SOURCE DATA below:
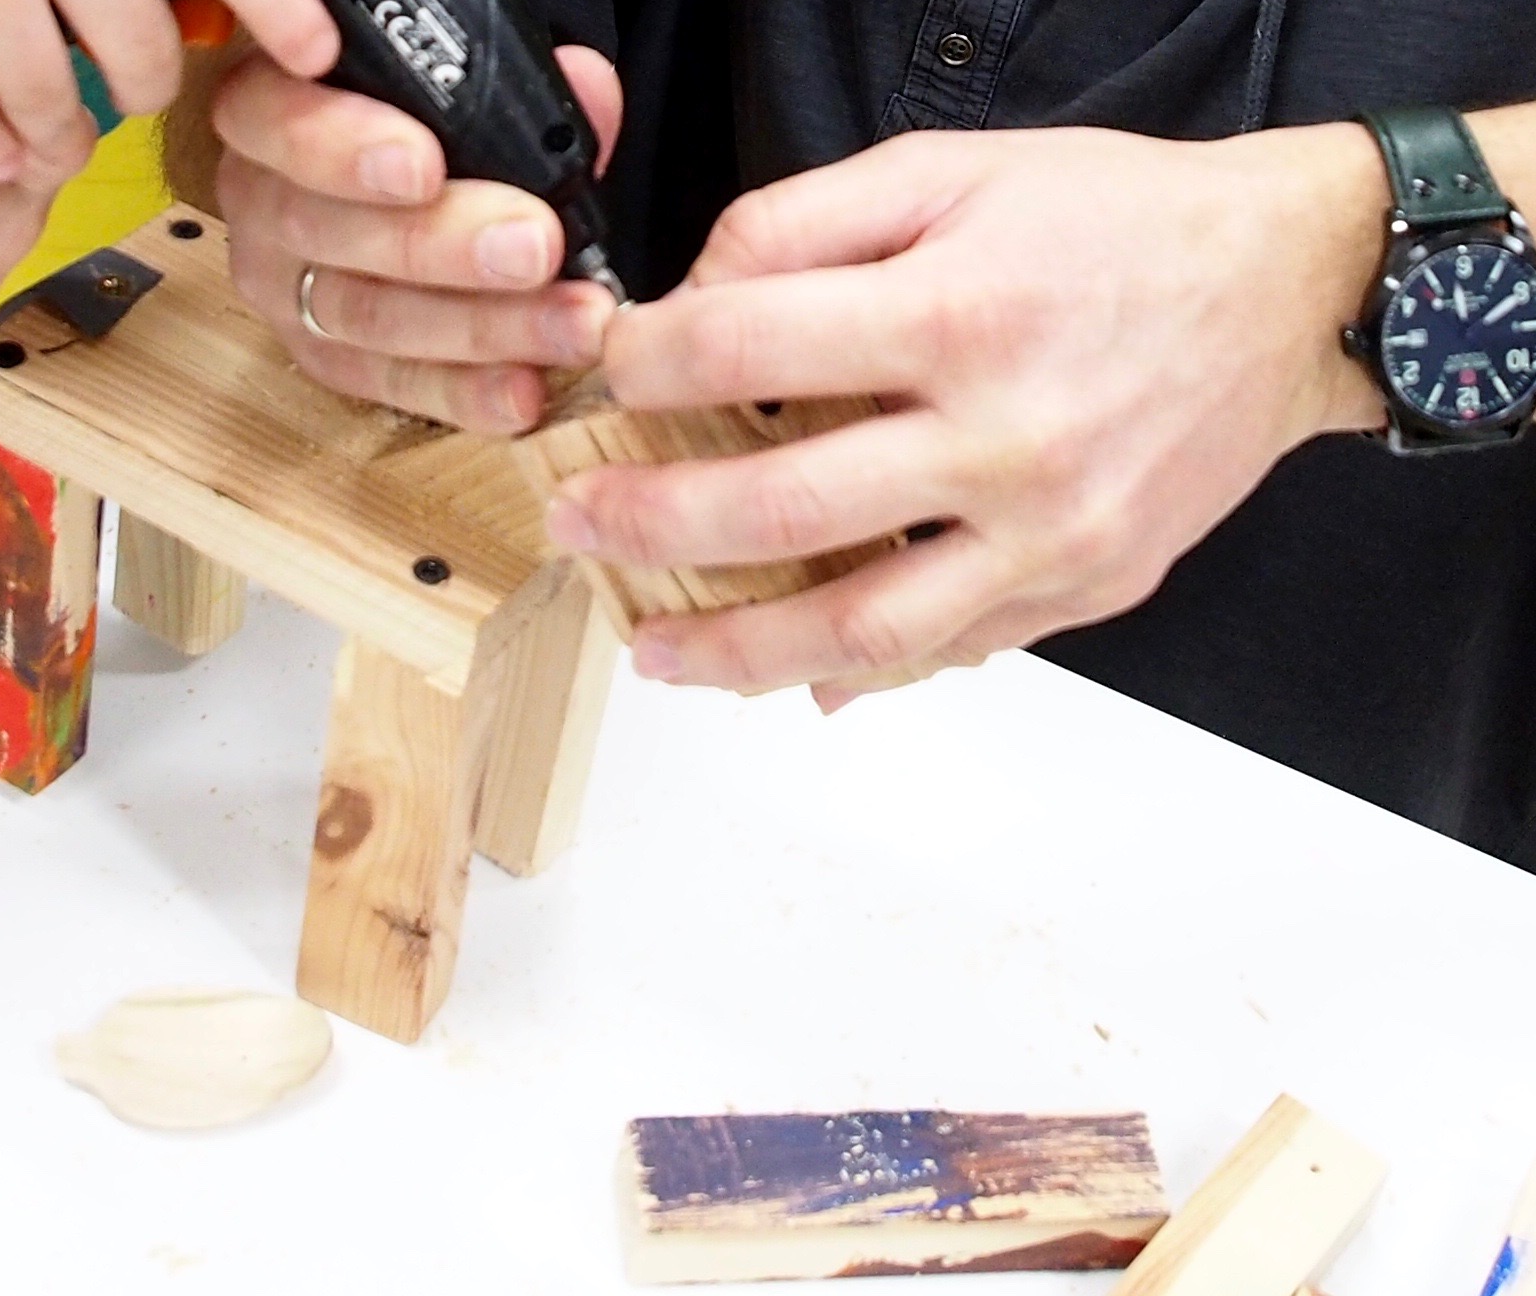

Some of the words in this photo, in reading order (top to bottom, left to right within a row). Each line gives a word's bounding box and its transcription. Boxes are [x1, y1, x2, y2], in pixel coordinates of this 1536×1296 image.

[1401, 360, 1421, 386] 2
[1506, 349, 1531, 374] 10
[1455, 386, 1481, 412] 12
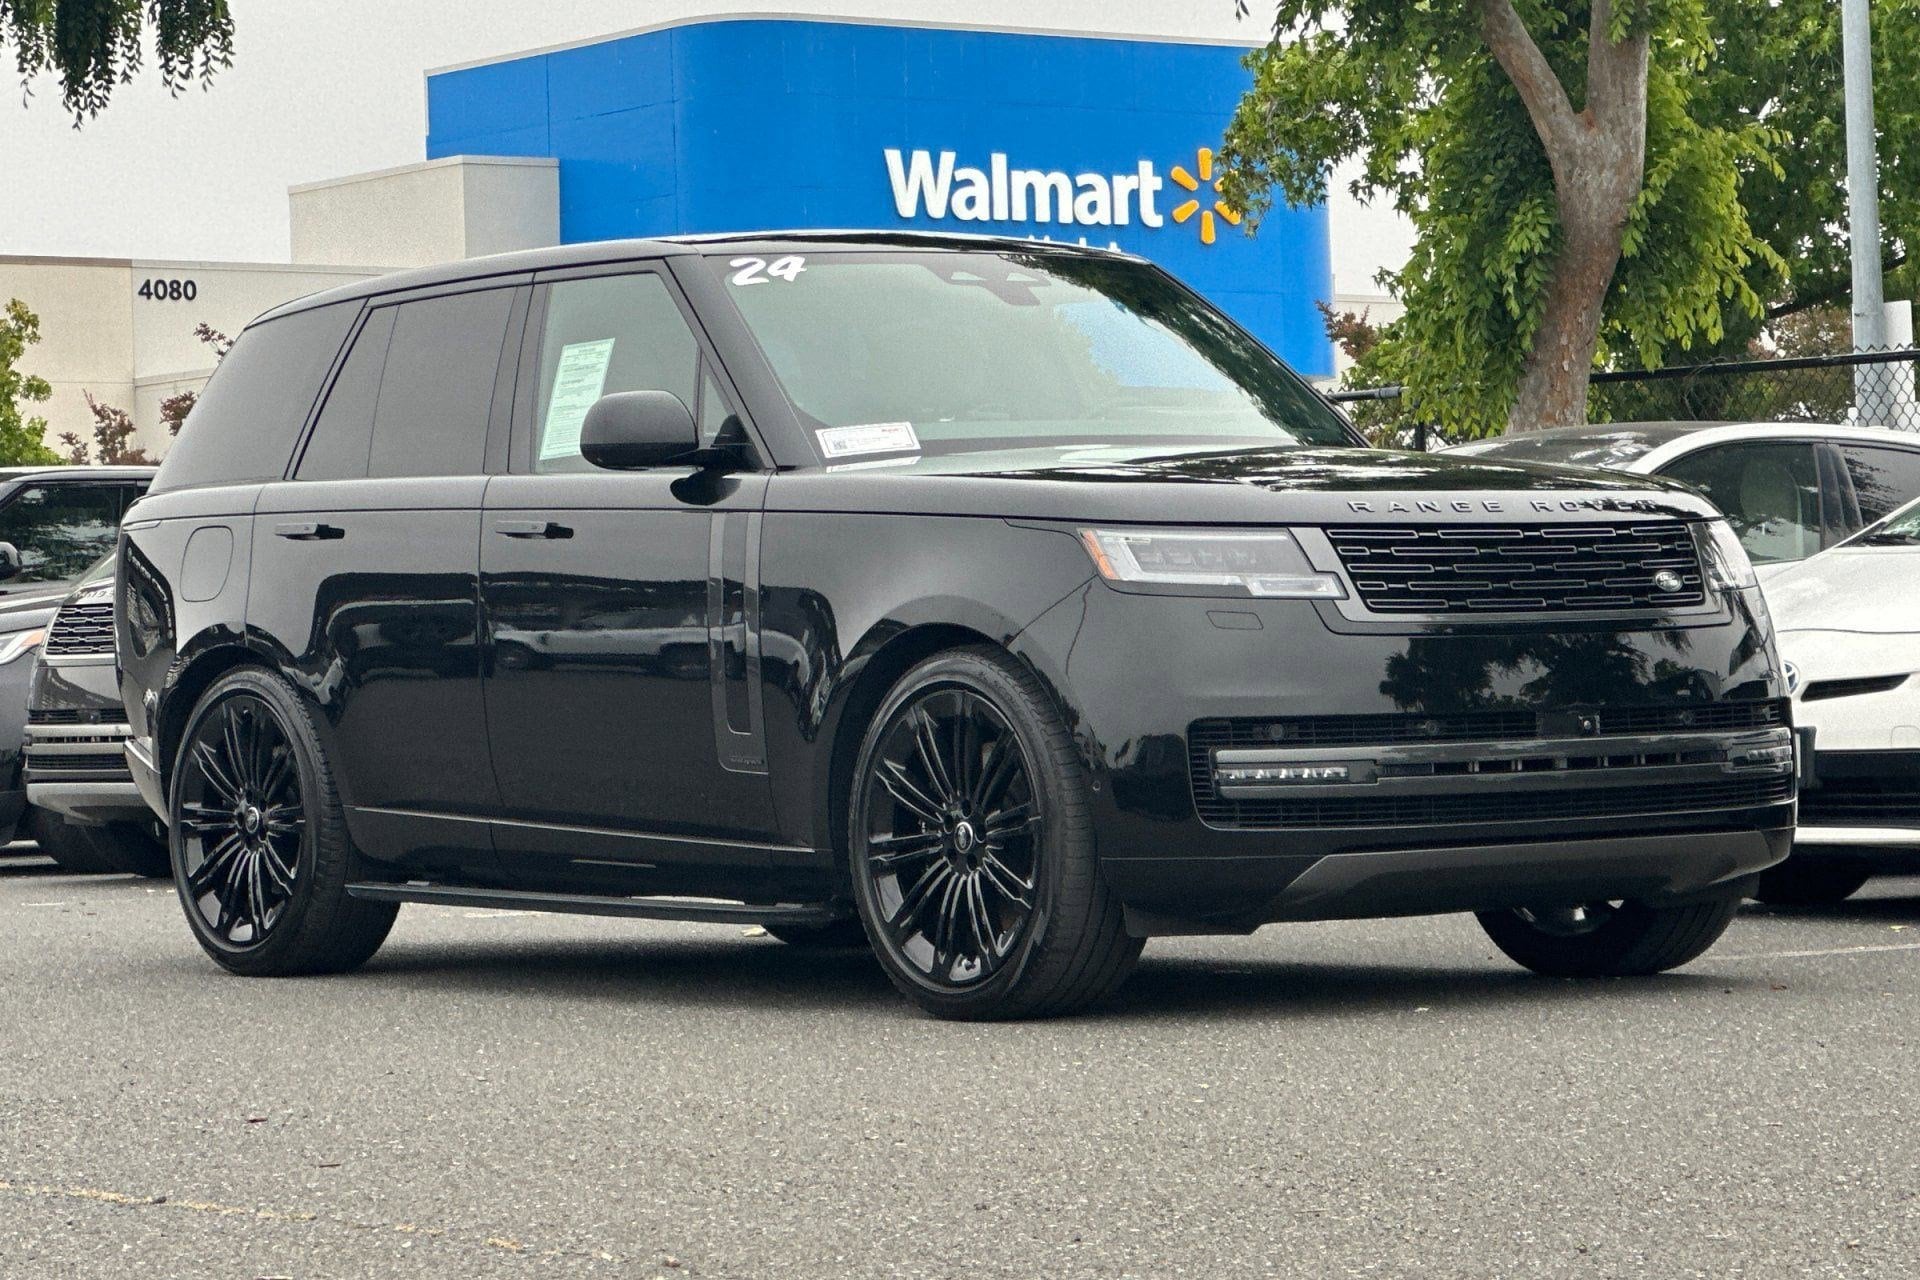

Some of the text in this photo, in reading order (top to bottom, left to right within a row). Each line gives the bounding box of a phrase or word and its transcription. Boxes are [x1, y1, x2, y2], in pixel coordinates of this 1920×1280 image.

[884, 148, 1163, 228] Walmart
[730, 256, 807, 286] 24
[138, 279, 197, 301] 4080
[1347, 499, 1656, 512] RANGE ROVER
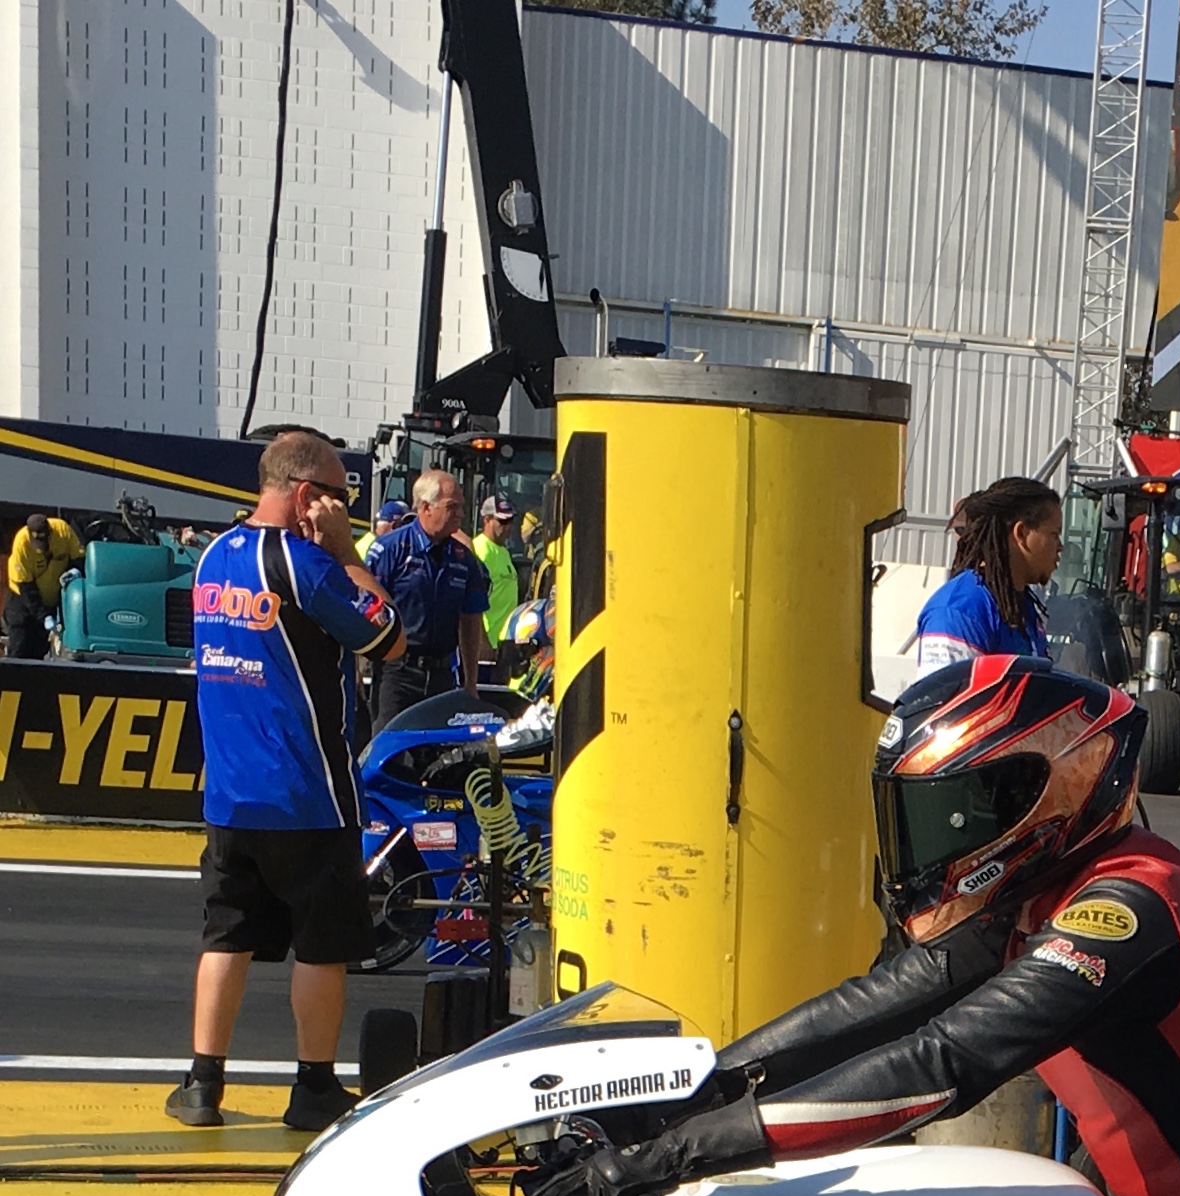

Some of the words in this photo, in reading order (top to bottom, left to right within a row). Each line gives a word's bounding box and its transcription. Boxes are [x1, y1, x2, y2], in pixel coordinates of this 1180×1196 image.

[964, 864, 1001, 892] SHOEI
[1061, 909, 1130, 930] BATES
[535, 1083, 603, 1112] HECTOR
[607, 1072, 665, 1099] ARANA
[669, 1068, 692, 1090] JR
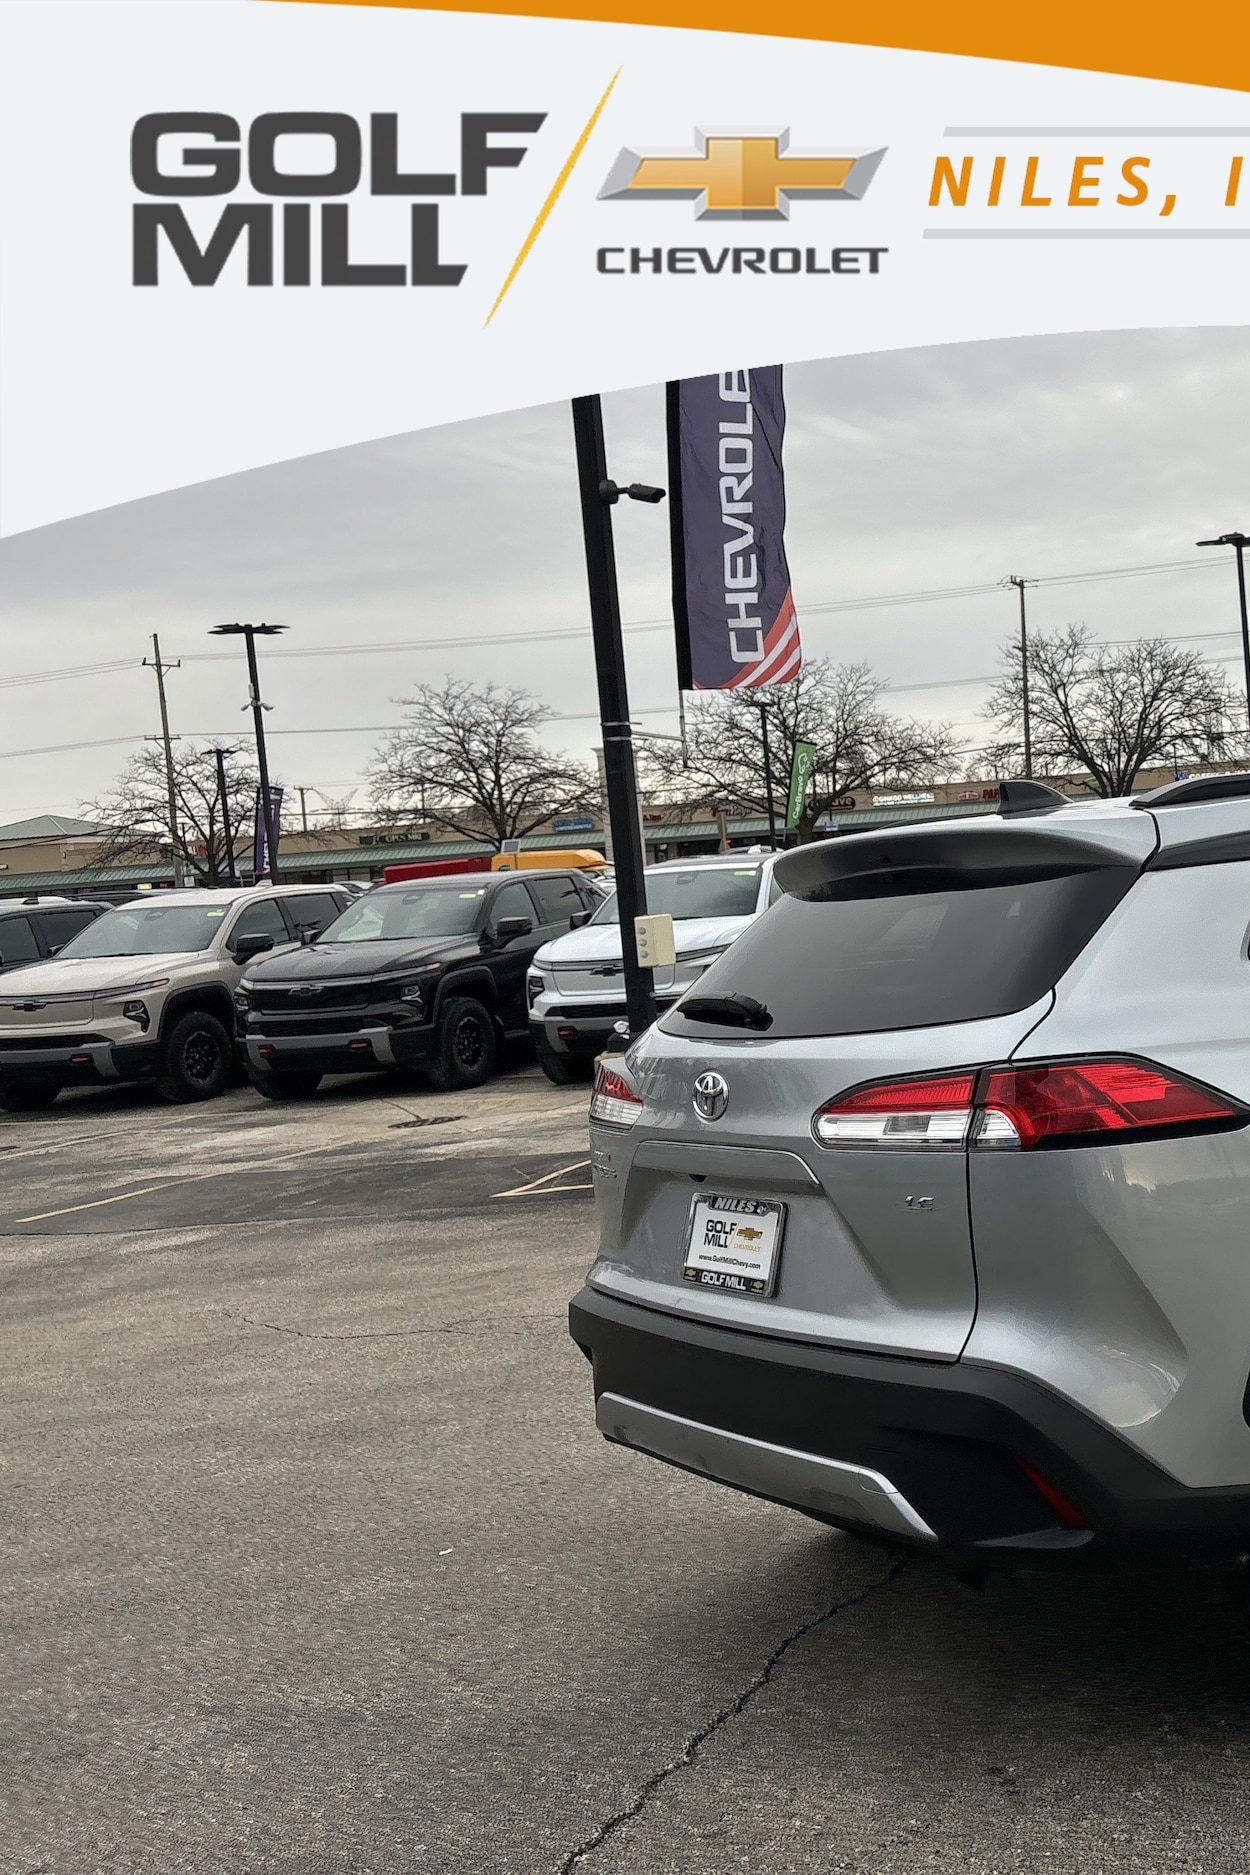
End of SOURCE DATA.
# WHAT TO DO
All of the material above must be retyped exactly, line for line, with the images dropped.

# WRITTEN ANSWER
Some of the words in this photo, in reading order (top to bottom, left to right within a row). Each line gives a word's bounding box and its transcription. Boxes are [x1, y1, x2, y2], in pixel coordinates of this 1536×1296 image.

[1401, 360, 1421, 386] 2
[1506, 349, 1531, 374] 10
[1455, 386, 1481, 412] 12

Some of the text in this photo, in reading order (top to bottom, left to right within a row). Each line gives the bounding box of a phrase or word and its transcription. Boxes are [x1, y1, x2, y2], in pixel coordinates of this 1920×1280 image.

[884, 148, 1163, 228] Walmart
[730, 256, 807, 286] 24
[138, 279, 197, 301] 4080
[1347, 499, 1656, 512] RANGE ROVER

Some of the words in this photo, in reading order (top to bottom, left to right within a row). Each line gives a word's bounding box and its transcription. Boxes are [x1, y1, x2, y2], in pixel coordinates of this 1180×1196 image.

[964, 864, 1001, 892] SHOEI
[1061, 909, 1130, 930] BATES
[535, 1083, 603, 1112] HECTOR
[607, 1072, 665, 1099] ARANA
[669, 1068, 692, 1090] JR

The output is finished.